All batteries have passed the test from the analyzer. Though battery 4 (the lowest battery in the string) is certainly has a slightly diminished CCA (Cold Cranking Amps) reading compared to some of the others. But, it still passed the tests. The parasitic load from the Paktrakr that was on this battery for four years seems to have weakened it a little. It also has a slightly higher milliohm resistance reading compared to the other batteries not much more though. This might be due to some sulfation internal to the battery because of the parasitic load.

I followed the Centech battery analyzer test with the  100 Amp Battery Load Tester. All batteries passed that load test too:


Obviously, I will be keeping an eye on battery four which when I started this investigation would not even complete a charge on two separate battery chargers. After those results some might have just thrown the battery away and replaced it.
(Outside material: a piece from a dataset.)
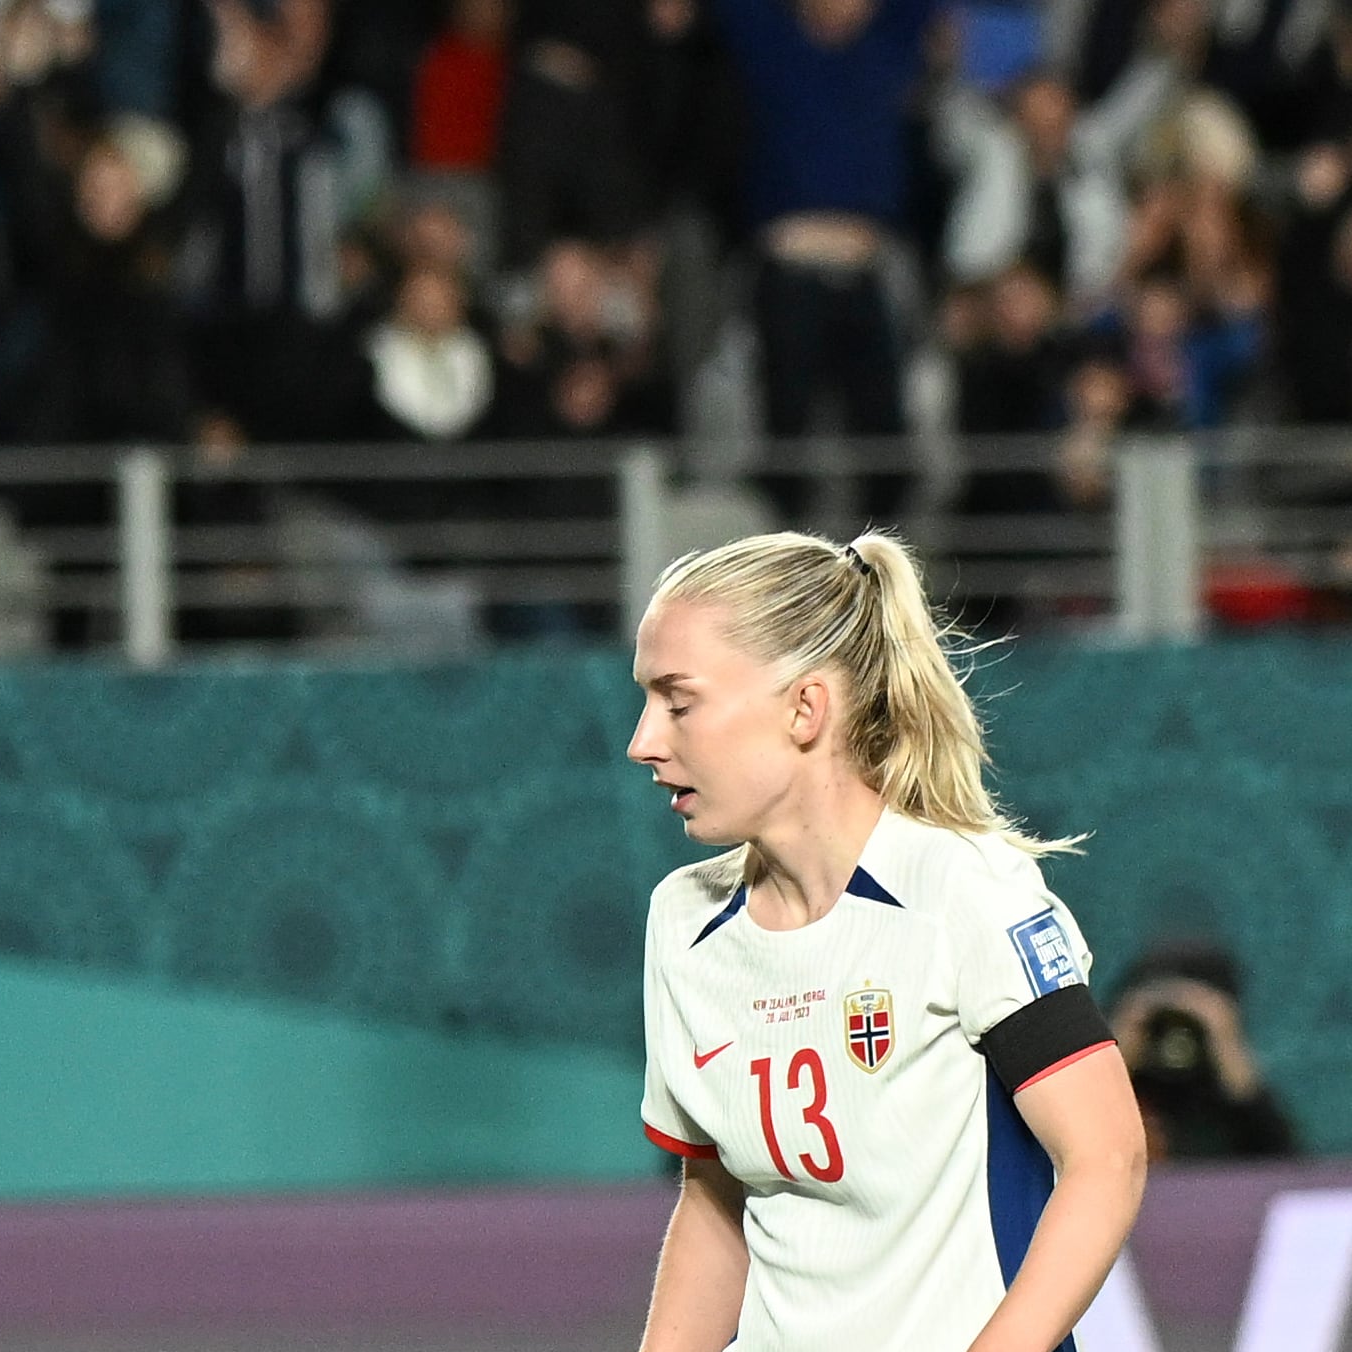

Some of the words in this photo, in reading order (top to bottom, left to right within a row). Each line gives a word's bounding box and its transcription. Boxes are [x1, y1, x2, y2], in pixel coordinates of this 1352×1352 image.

But, as you can see it did manage to redeem it's self over time once the parasitic drain was removed. Why all of a sudden did I have this problem after four years? The only thing different this year is that I did not have my 48 volt Air X wind turbine also providing additional charging over the winter layup. This made the solar panels the only charging source and it may have not been enough considering the constant parascitic load on the fourth battery. I also added an additional device to monitor the charging of the battery bank. This additional load may have been enough to add additional sulfation to the suspect battery. So the lesson learned for this electric sailor is to keep parasitic loads off any one battery in the string. Another good thing from this investigation is I now have data to see how each individual battery the 48 volt propulsion bank ages from here on.

Wednesday, April 25, 2012

BATTERY INVESTIGATION PART 7: Much better balance

Well, it's been another two weeks since I was on board looking at the issue with the last battery in the string. When I last was on the boat I had charged up the bank fully and removed the Paktraker battery monitor which had been taking it's power from the suspect low battery. So for two weeks only the solar panels had been keeping the bank topped up and there were no parasitic loads off of any individual battery. When I powered up the Dual Pro PS4 battery charger this is what happened:



As you can see within a few seconds all four batteries immediately jumped up into the 90 to 100% range. This seems to indicate that all the batteries are pretty close in balance to one another.  It certainly is much improved situation  from the last time I fired up the charger which you can see here:



This time after an hour of charging all the batteries were fully charged within seconds of each other. The bank has come along way since I first discovered that the low battery in the bank was not able to accept a full charge.   I'm glad I took the time to investigate the reason for that battery's failure to charge fully. It seems to be related to the Paktraker's parasitic load off the suspect battery. Since I removed it from the battery there has been much improvement. The suspect battery has gradually over several weeks has come to be comparable charge wise to the other batteries in the bank. Now it is on par with the other three batteries in terms of charging.  The only thing left to do is to do one final charge and let the bank rest and then load test each battery.  I'll be doing that very shortly.